++++ MATERIAL PROVIDED
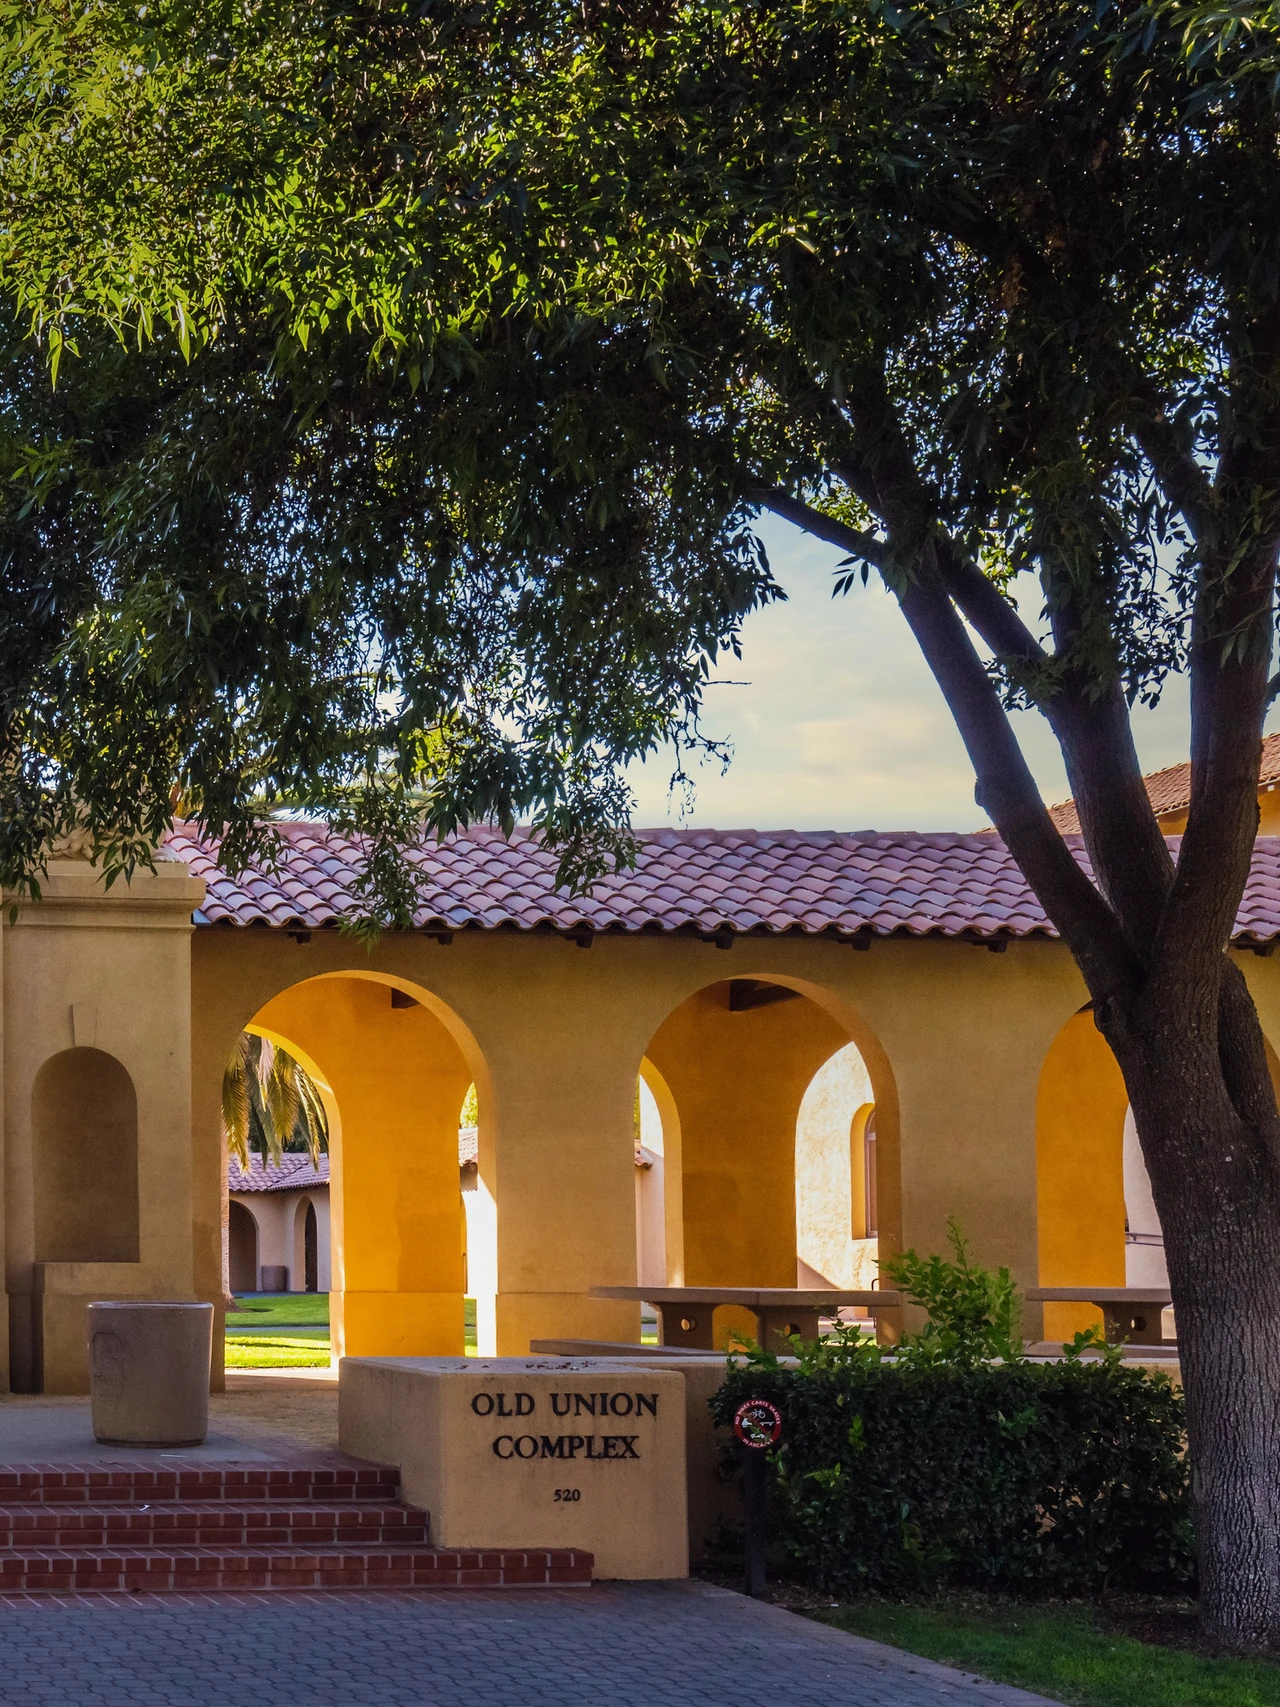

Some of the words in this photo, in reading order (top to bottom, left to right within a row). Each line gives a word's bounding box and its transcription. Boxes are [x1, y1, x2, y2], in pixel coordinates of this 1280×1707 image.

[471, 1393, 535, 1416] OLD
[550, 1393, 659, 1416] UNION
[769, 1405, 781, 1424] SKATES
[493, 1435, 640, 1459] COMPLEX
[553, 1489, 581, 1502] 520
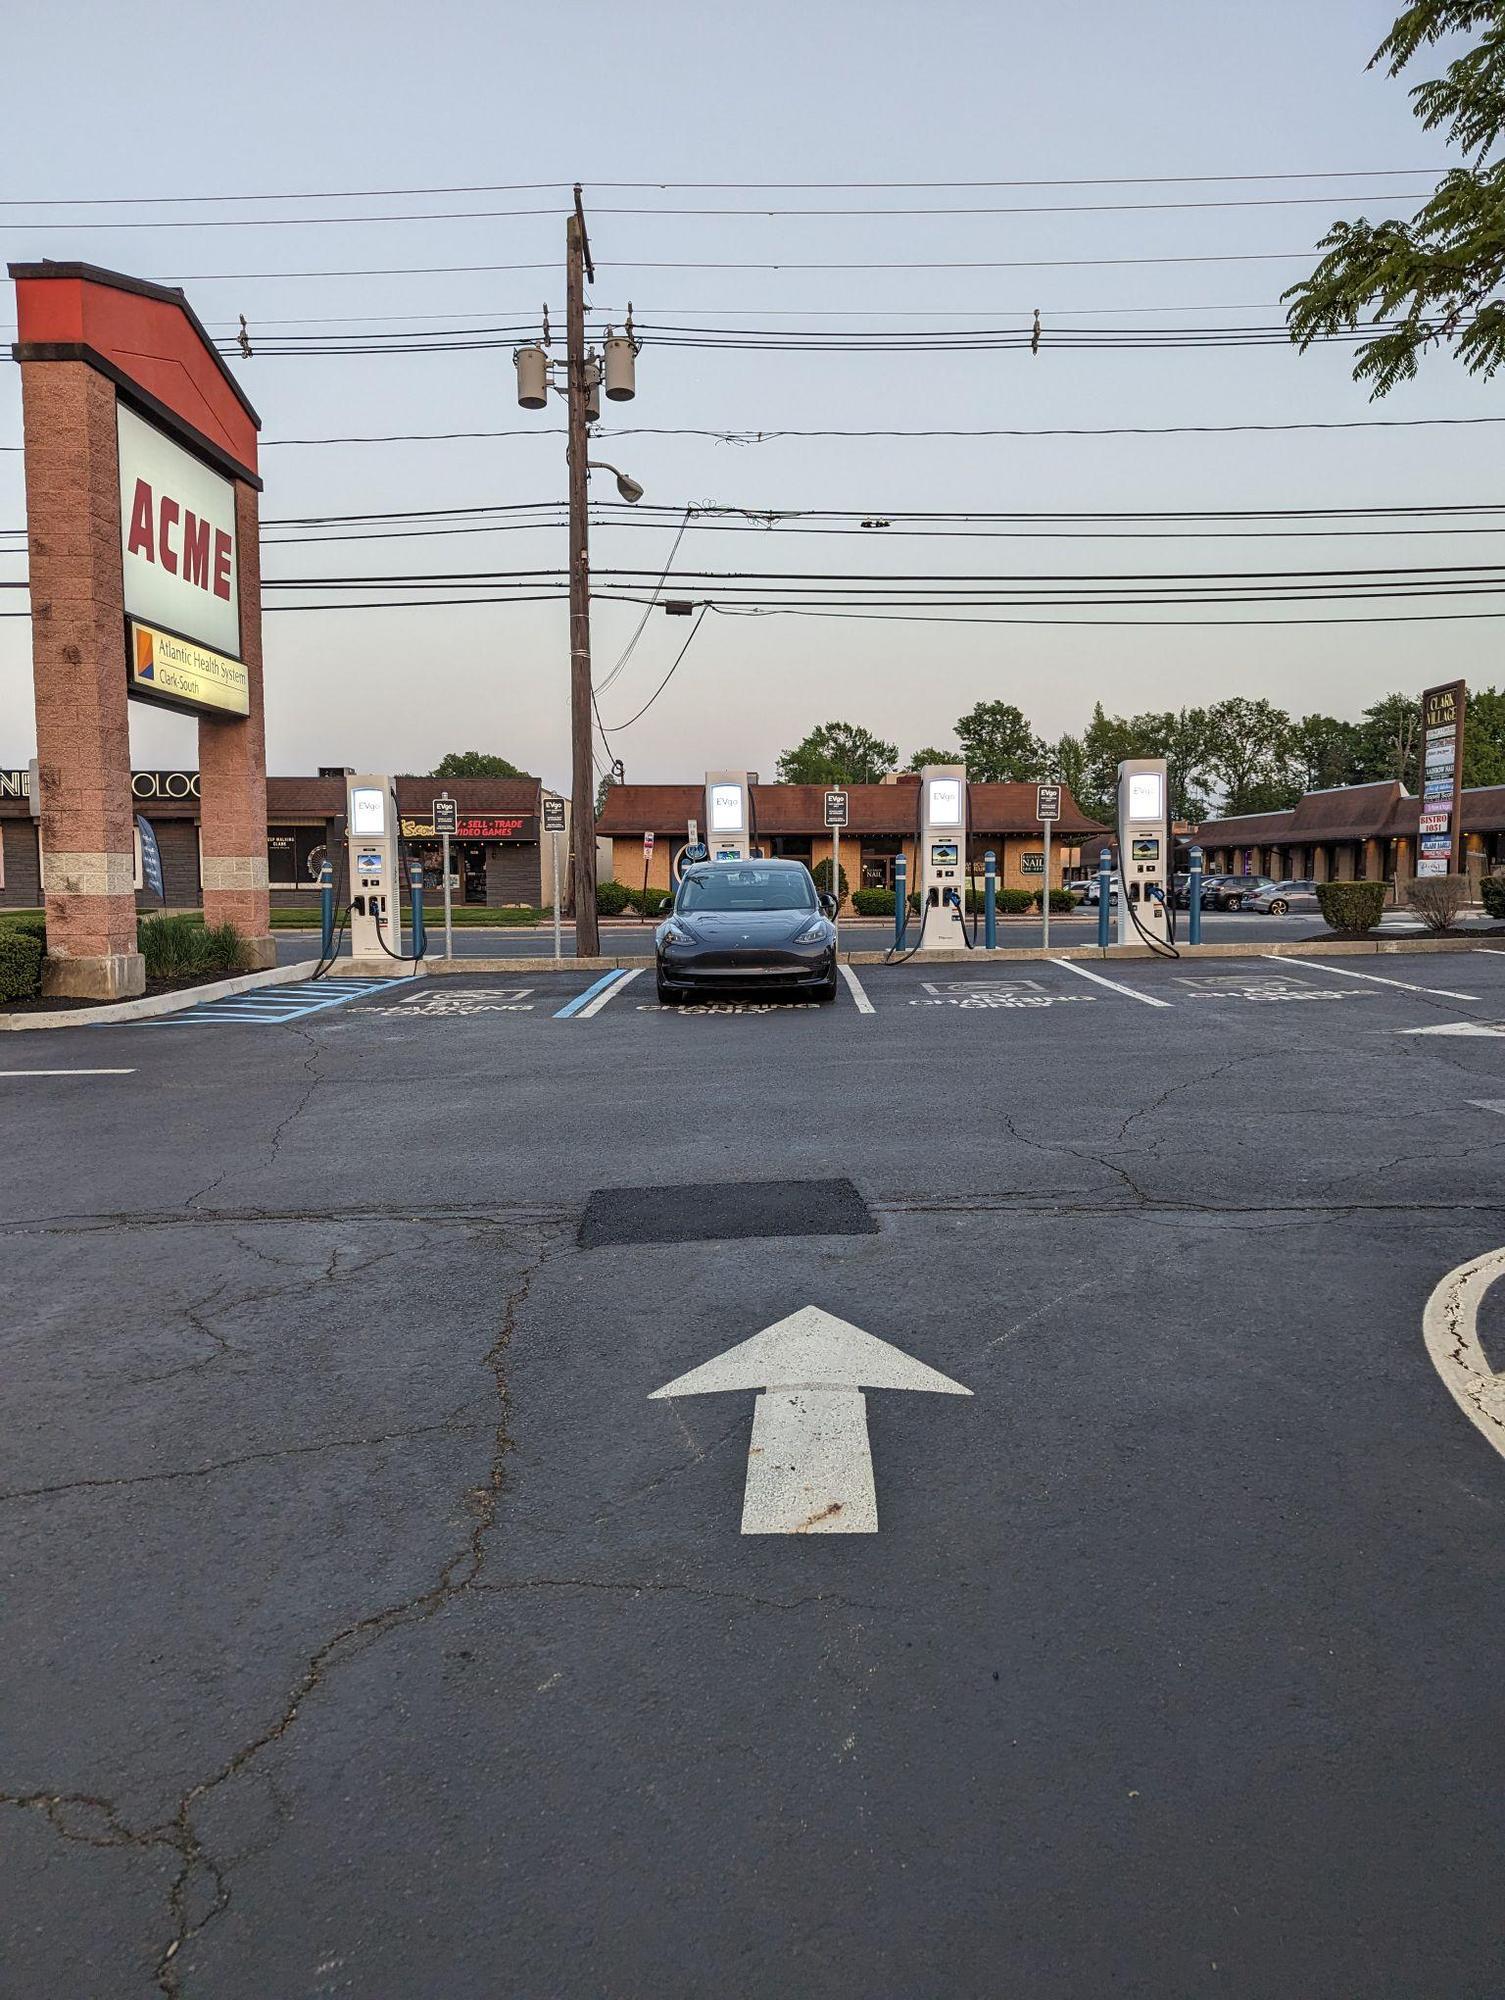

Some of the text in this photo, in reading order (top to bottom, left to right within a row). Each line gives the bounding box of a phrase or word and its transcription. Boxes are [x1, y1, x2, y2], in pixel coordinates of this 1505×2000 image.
++++++++
PROBLEM TO SOLVE =>
Leaving every picture out, output the data exactly as it stands.

SOLUTION TO THE EXERCISE =>
Some of the words in this photo, in reading order (top to bottom, left to right within a row). Each line gives a word's bounding box and its transcription. Boxes are [x1, y1, x2, y2], in pixel coordinates of this 1280×1707 image.

[471, 1393, 535, 1416] OLD
[550, 1393, 659, 1416] UNION
[769, 1405, 781, 1424] SKATES
[493, 1435, 640, 1459] COMPLEX
[553, 1489, 581, 1502] 520

Some of the text in this photo, in reading order (top to bottom, left to right within a row). Each line gives the bounding box of a phrase or word and its transcription. Boxes are [x1, y1, x2, y2], in pixel coordinates of this 1505×2000 image.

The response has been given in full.